Getting started with Apache Any23

Apache Any23 can be used:

via CLI (command line interface) from your preferred shell environment; * as a RESTful Webservice; * as a library.

Apache Any23 Modules

Apache Any23 is composed of the following modules:

any23-core/ The core library.
any23-service/ The REST service.
any23-plugins/ The core additional plugins.

Use the Apache Any23 CLI

The command-line tools support is provided by the any23-core module.

Once Apache Any23 has been correctly installed, if you want to use it as a command line tool, use the shell script within the any23-core/bin directory. These are provided both for Unix (Linux/OSX) and Windows.

The any23 script provides analysis, documentation, testing and debugging utilities.

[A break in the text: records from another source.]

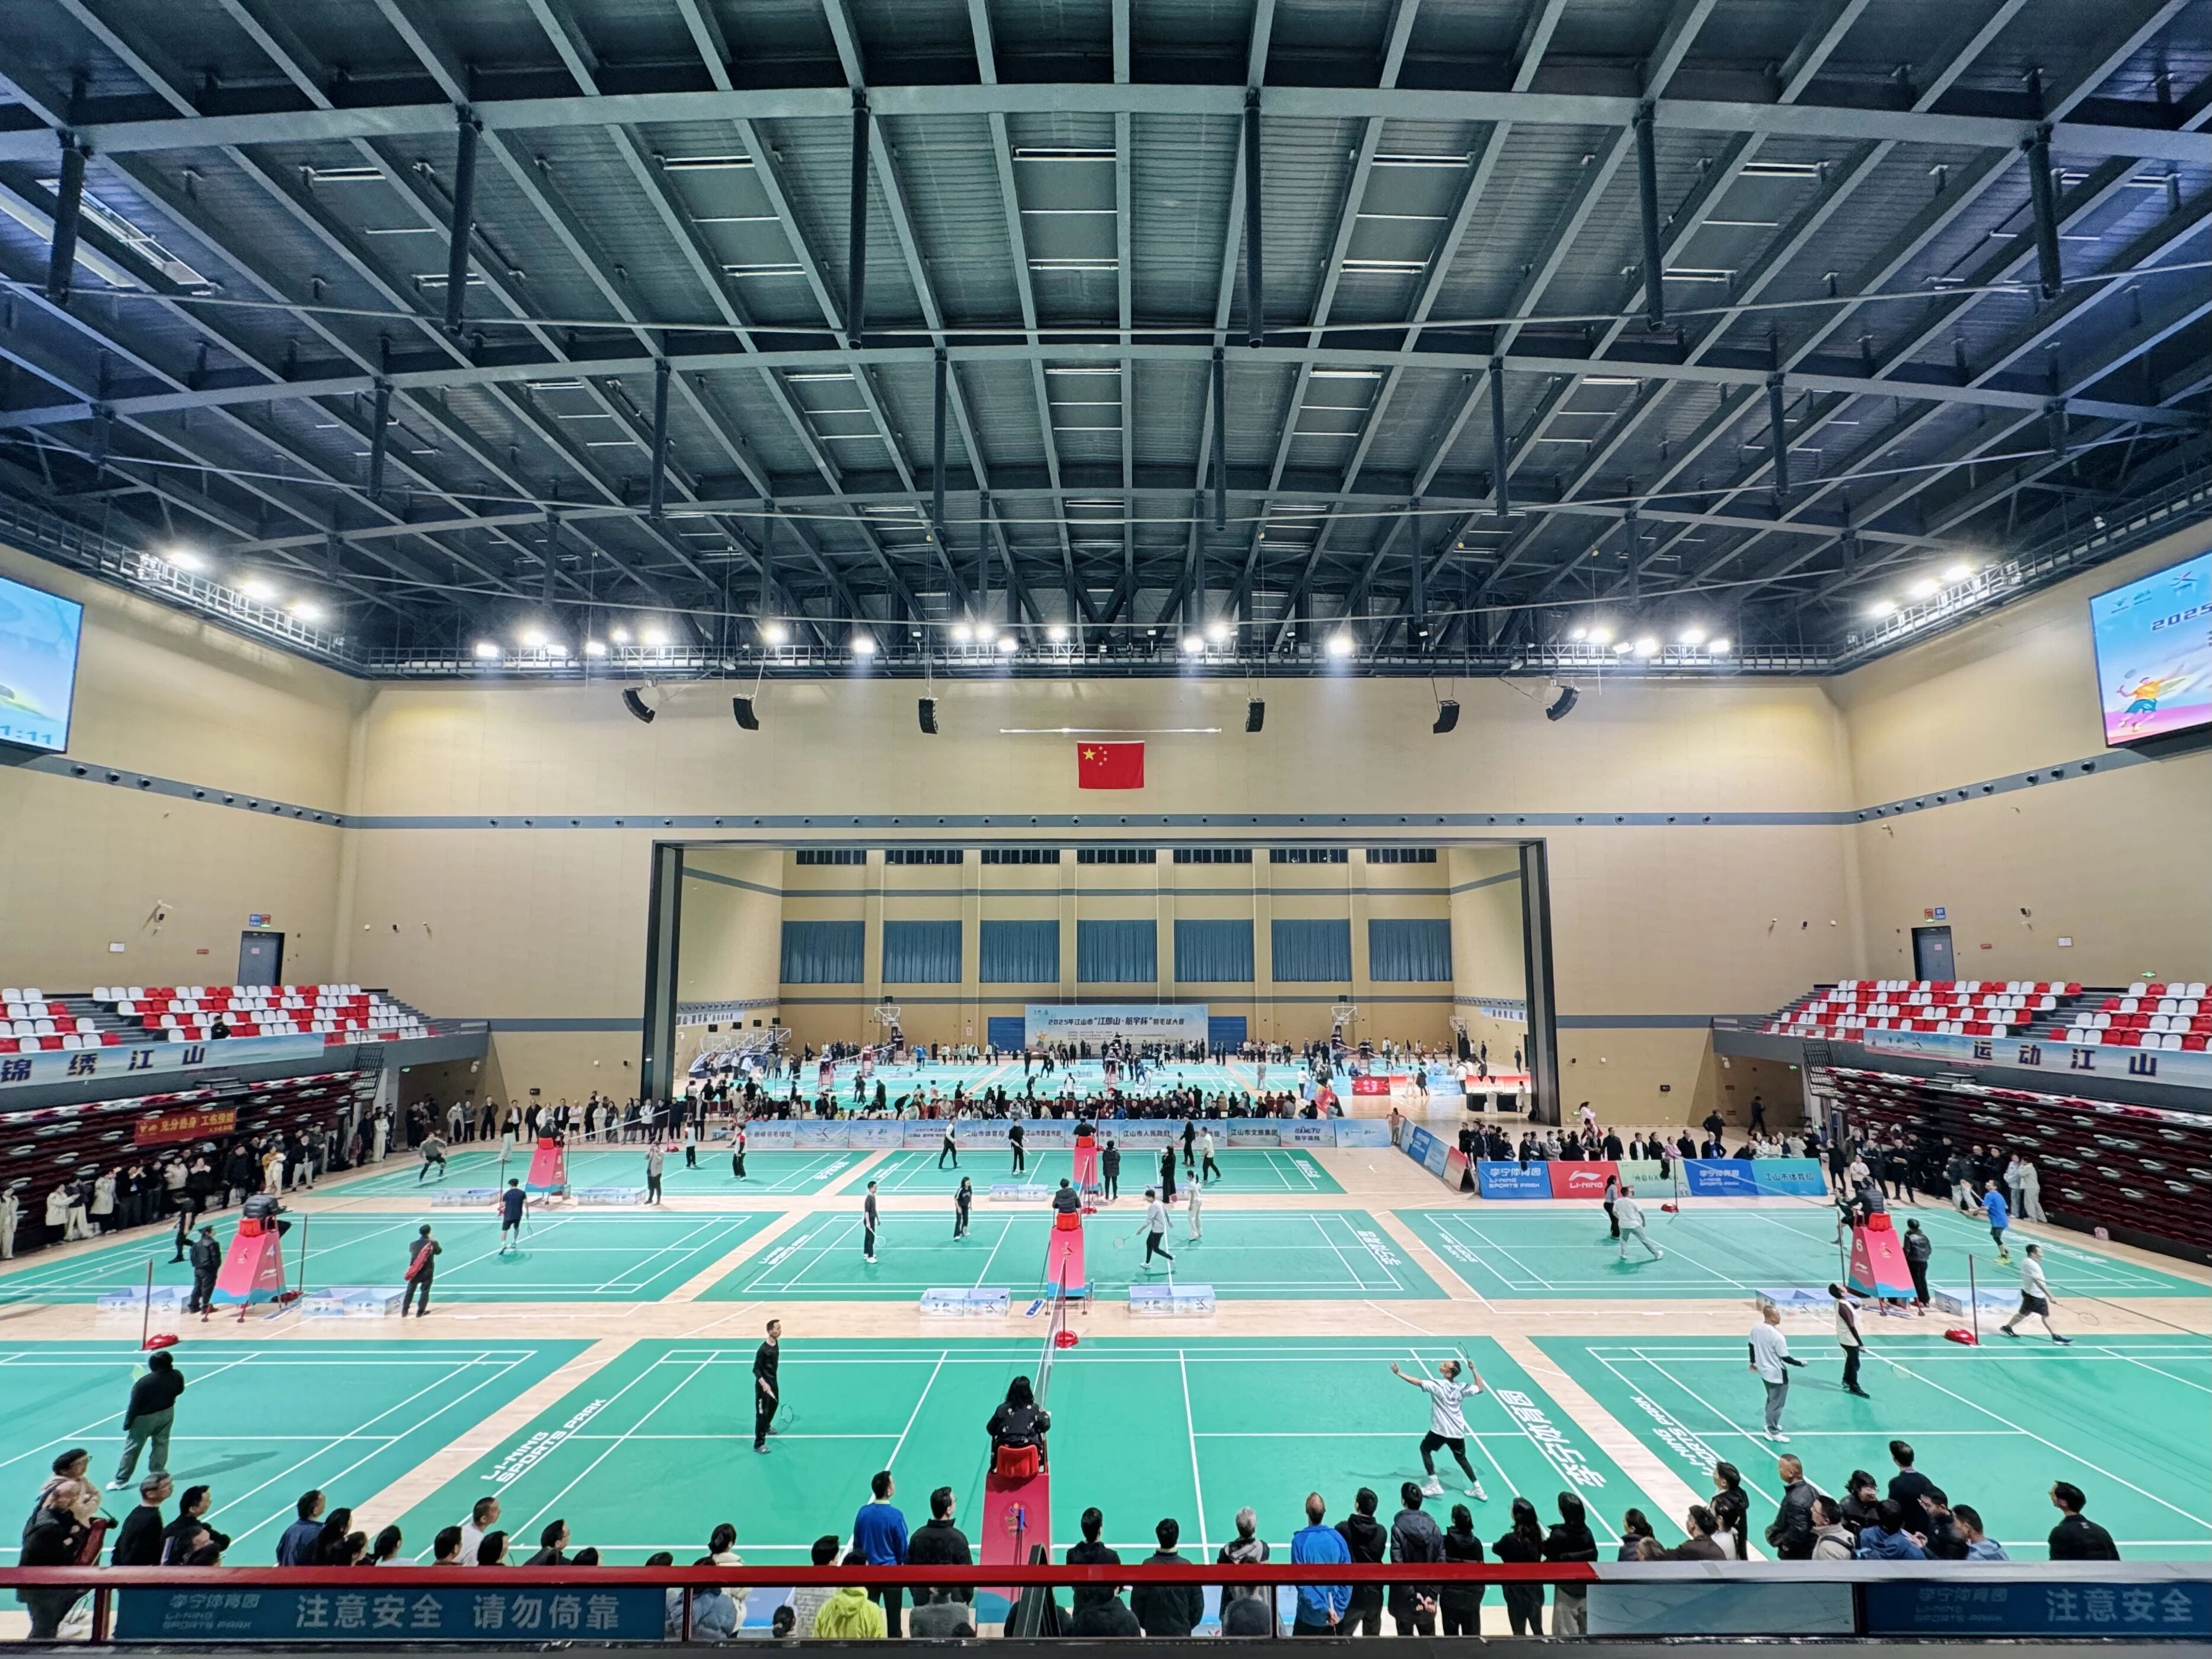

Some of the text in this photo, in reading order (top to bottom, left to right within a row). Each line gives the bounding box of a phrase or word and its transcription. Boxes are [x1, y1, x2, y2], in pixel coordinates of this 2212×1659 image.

[1, 1045, 205, 1082] 锦绣江山
[1973, 1041, 2157, 1076] 运动江山
[1764, 1173, 1814, 1182] 江山市体育局
[266, 1244, 275, 1257] 4
[1856, 1238, 1863, 1252] 6
[496, 1399, 607, 1483] SPORTS PARK
[1496, 1389, 1607, 1488] 李宁体育园
[1630, 1396, 1718, 1469] PORTS PARK
[480, 1431, 550, 1481] LI-NING
[169, 1594, 261, 1609] 李宁体育园
[296, 1594, 620, 1630] 注意安全 请勿倚靠
[2047, 1588, 2193, 1622] 注意安全

Simply running ./any23 without options will show the usage options.

any23-core$ ./bin/any23
A command must be specified.
Usage: any23 [options] [command] [command options]
Options:
-h, --help Display help information.
Default: false
--plugins-dir The Any23 plugins directory.
Default: ~/.any23/plugins
-X, --verbose Produce execution verbose output.
Default: false
-v, --version Display version information.
Default: false
Commands:
extractor Utility for obtaining documentation about metadata extractors.
Usage: extractor [options] Extractor name
Options:
-a, --all shows a report about all available extractors
Default: false
-i, --input shows example input for the given extractor
Default: false
-l, --list shows the names of all available extractors
Default: false
-o, --outut shows example output for the given extractor
Default: false

microdata Commandline Tool for extracting Microdata from file/HTTP source.
Usage: microdata [options] Input document URL, {http://path/to/resource.html|file:/path/to/local.file}
mimes MIME Type Detector Tool.
Usage: mimes [options] Input document URL, {http://path/to/resource.html|file:///path/to/local.file|inline:// some inline content}
verify Utility for plugin management verification.
Usage: verify [options] plugins-dir
rover Any23 Command Line Tool.
Usage: rover [options] input URIs {<url>|<file>}+
Options:
-d, --defaultns Override the default namespace used to produce
statements.
-e, --extractors a comma-separated list of extractors, e.g.
rdf-xml,rdf-turtle
Default: []
-f, --format the output format
Default: turtle
-l, --log Produce log within a file.
-n, --nesting Disable production of nesting triples.
Default: false
-t, --notrivial Filter trivial statements (e.g. CSS related ones).
Default: false
-o, --output Specify Output file (defaults to standard output)
Default: java.io.PrintStream@79dfc547
-p, --pedantic Validate and fixes HTML content detecting commons
issues.
Default: false
-s, --stats Print out extraction statistics.
Default: false

vocab Prints out the RDF Schema of the vocabularies used by Any23.
Usage: vocab [options]
Options:
-f, --format Vocabulary output format
Default: NQuads

The any23 script detects a list of available utilities within the any23-core and plugins classpath and allows to activate them.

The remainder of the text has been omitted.